Today’s young people could become ultra-green adults, as the recent demonstrations by schoolchildren may cause us to hope. Most predictions of cities submerged by rising sea levels have the words “by the end of this century” in them somewhere, which sounds a long way off to us 70-somethings. To a 12-year-old, 2100 must seem frighteningly close. But 12-year-olds don’t have bills to pay, distant jobs to travel to, or indeed children pestering them for designer clothes imported from the other side of the planet. It’s easy to take a day off school to march around London or Manchester. The acid tests come later.

All my sons

Perhaps, to strengthen support for green policies, children should be given the vote, as the Cambridge politics professor David Runciman proposes. American kids, however, must wait two to three decades before they can even aspire to be president.
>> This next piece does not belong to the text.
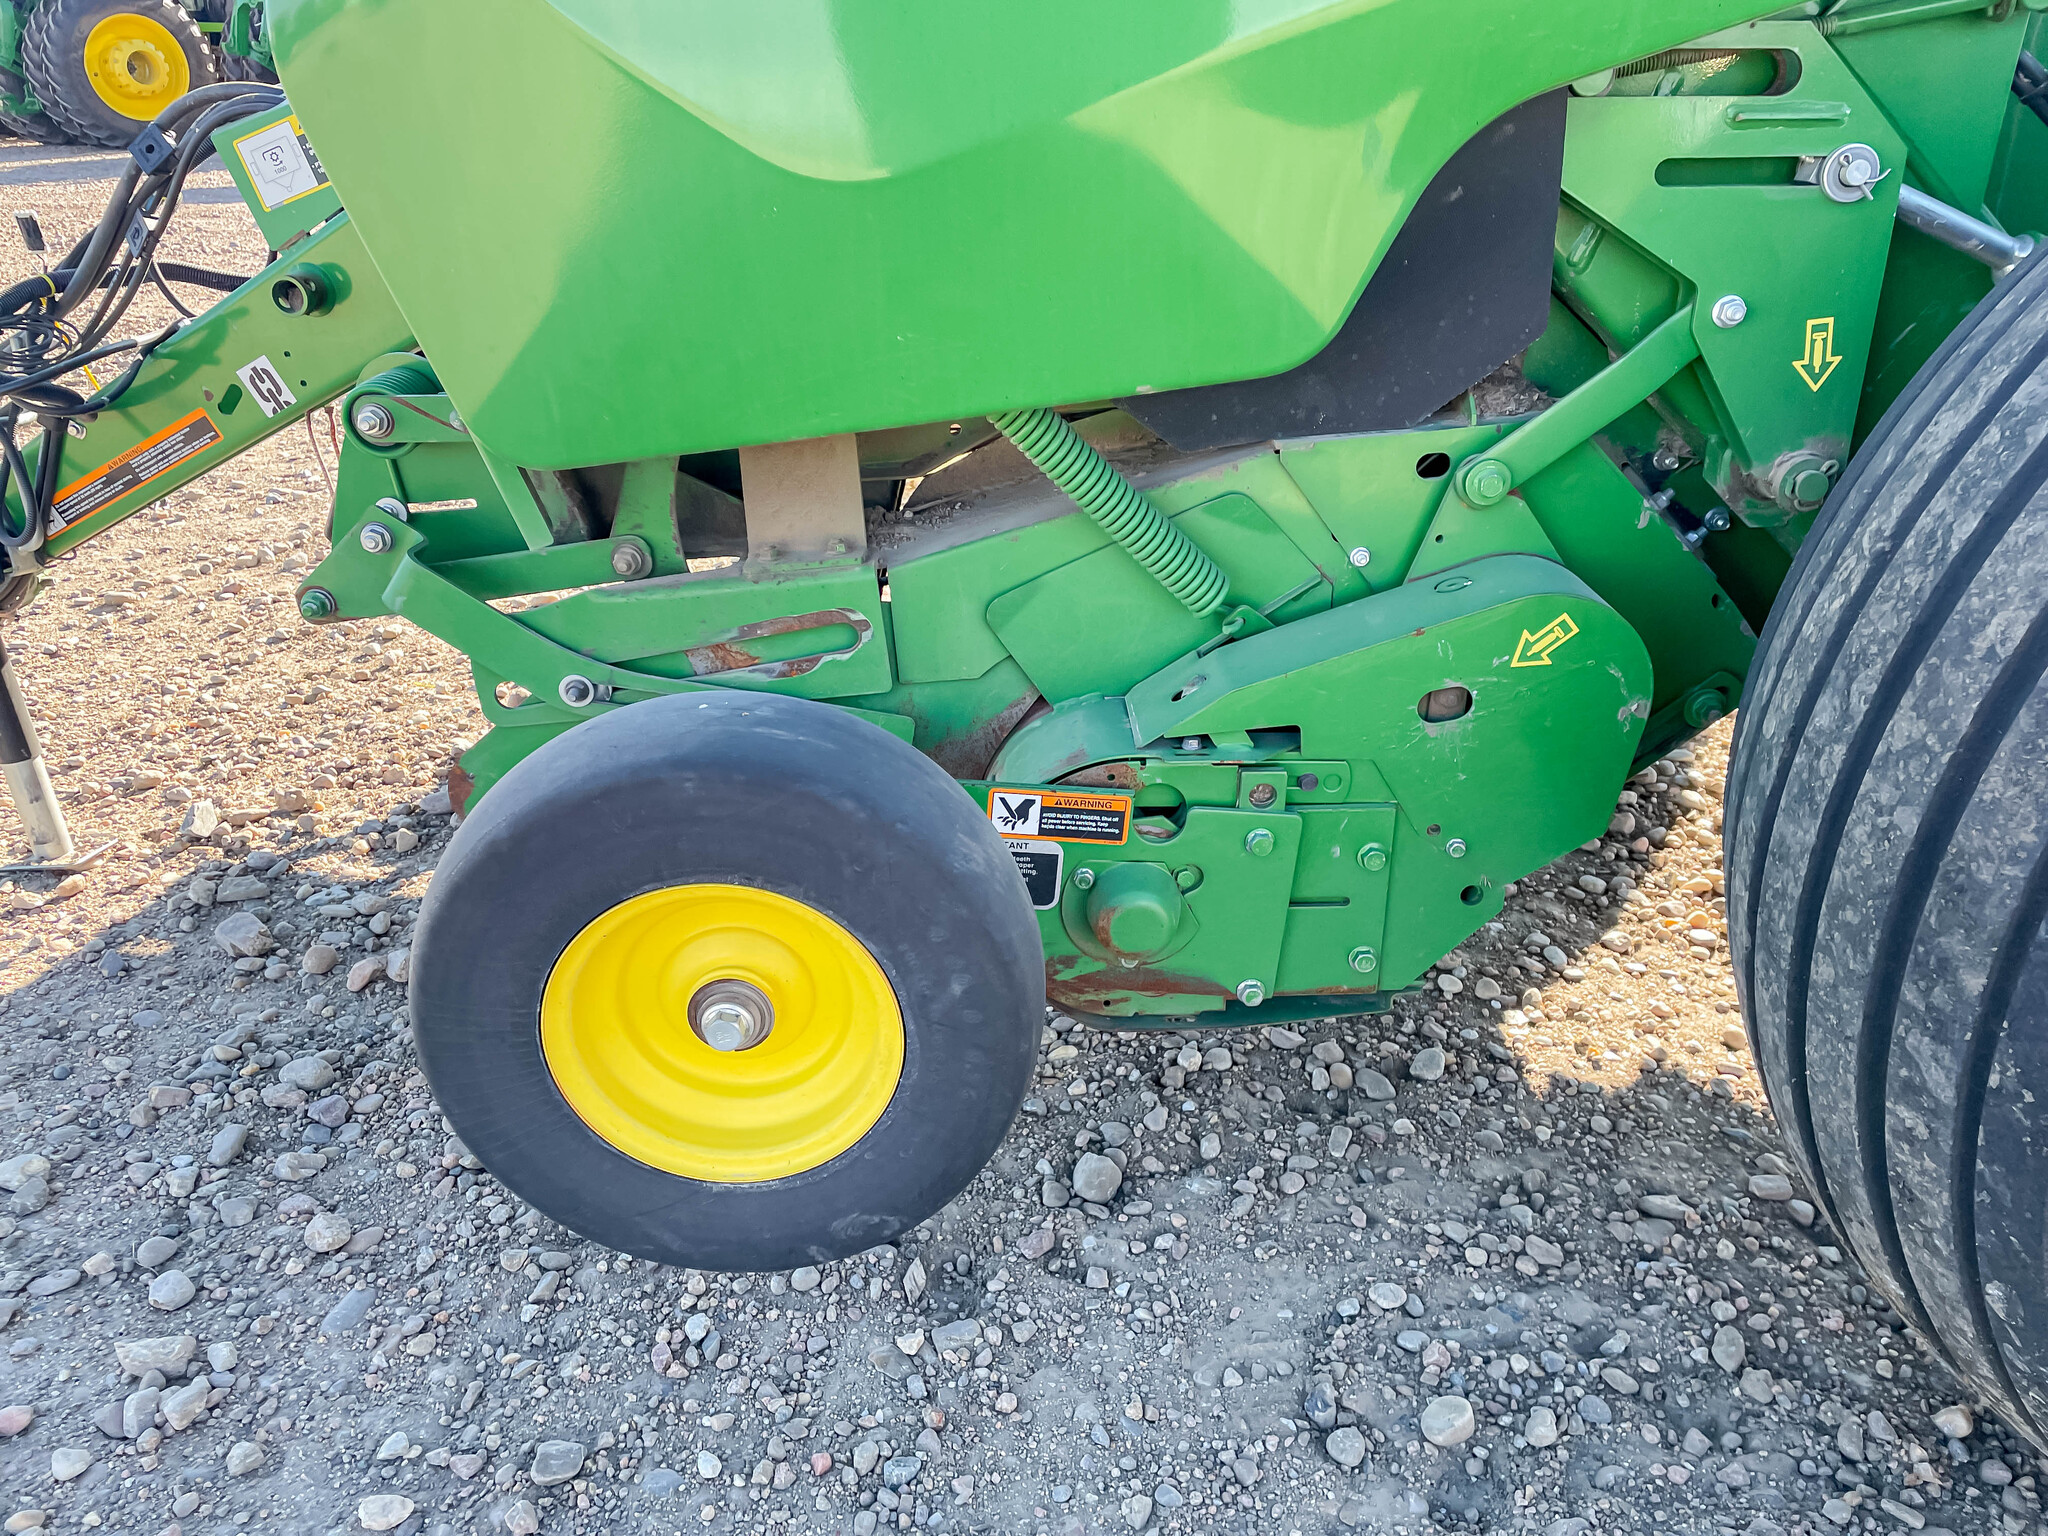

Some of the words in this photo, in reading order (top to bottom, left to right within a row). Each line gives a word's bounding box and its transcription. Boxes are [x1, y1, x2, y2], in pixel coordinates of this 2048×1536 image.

The leading advocate of the “green new deal”, 29-year-old Alexandria Ocasio-Cortez, newly elected to Congress, cannot run in 2020 because the constitution stipulates a minimum age of 35. Why? James Monroe, who became the fifth US president, argued that, since “in the course of nature”, most presidents wouldn’t have sons who had reached 35, they wouldn’t be able to create dynasties. After the two George Bushes, to say nothing of a possible President Donald Trump Jr, that doesn’t seem to have worked.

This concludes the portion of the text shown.